RIGL stock exploded higher last month after instigating an investigator-sponsored trial (IST) with the Imperial College London to evaluate the efficacy of fostamatinib, its oral spleen tyrosine kinase (SYK) inhibitor, for the treatment of COVID-19 pneumonia. This was indeed big news and drove shares to over $5.
RIGL stock has since dropped back down on short-selling pressure and weak longs selling. However, we see this selling as a discount entry opportunity for investors looking to pick up cheap exposure to a name with huge potential. In this article, we take a look at why we think RIGL stock has multi-bagger potential and is more than just a Covid-19 play.
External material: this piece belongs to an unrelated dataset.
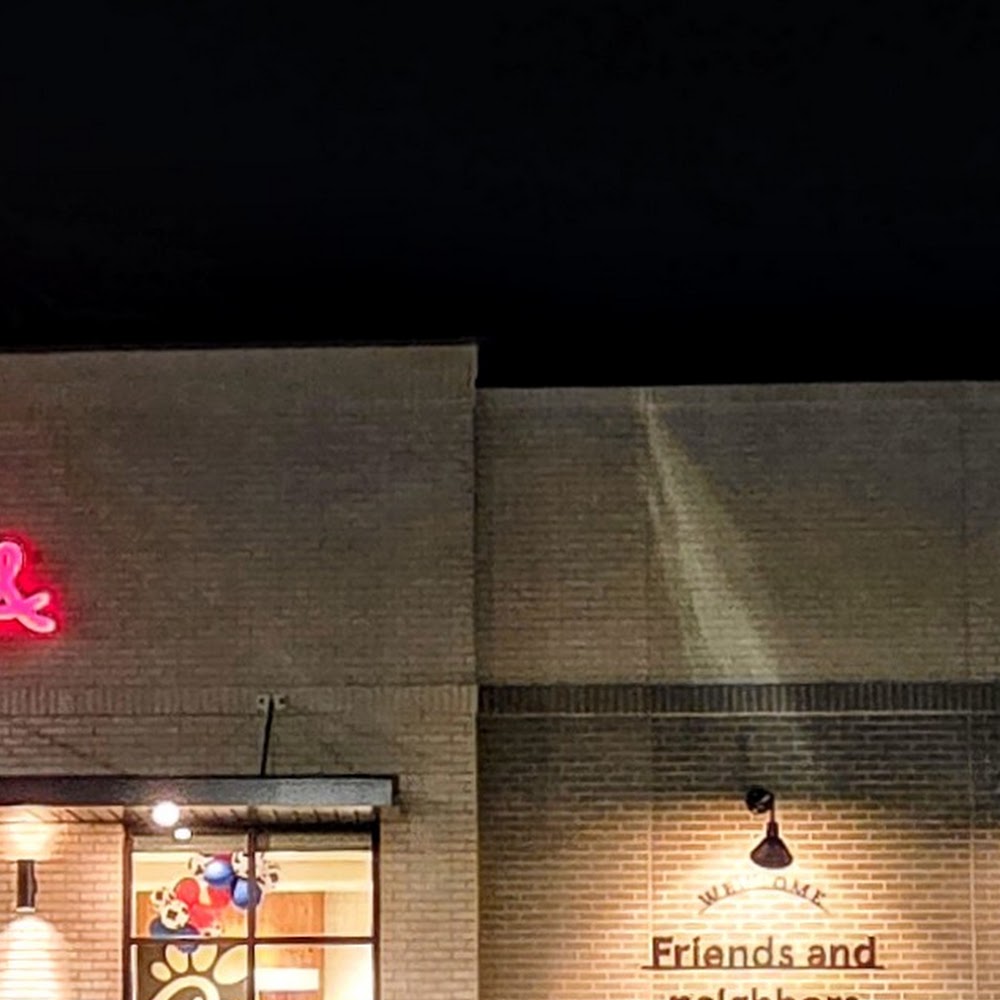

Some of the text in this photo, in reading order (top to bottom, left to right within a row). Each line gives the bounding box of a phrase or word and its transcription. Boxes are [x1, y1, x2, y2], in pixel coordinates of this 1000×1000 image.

First up, here’s a little background info for those that aren’t familiar with RIGL stock. Rigel Pharmaceuticals is a biotechnology company dedicated to discovering, developing, and providing novel small molecule drugs that significantly improve the lives of patients with immune and hematologic disorders, cancer, and rare diseases.
The company’s first FDA approved product is TAVALISSE® (fostamatinib disodium hexahydrate) tablets, the only oral spleen tyrosine kinase (SYK) inhibitor, for the treatment of adult patients with chronic immune thrombocytopenia who have had an insufficient response to a previous treatment. The product has been approved by the European Commission for the treatment of chronic immune thrombocytopenia in adult patients who are refractory to other treatments and is marketed in Europe under the name TAVLESSE® (fostamatinib).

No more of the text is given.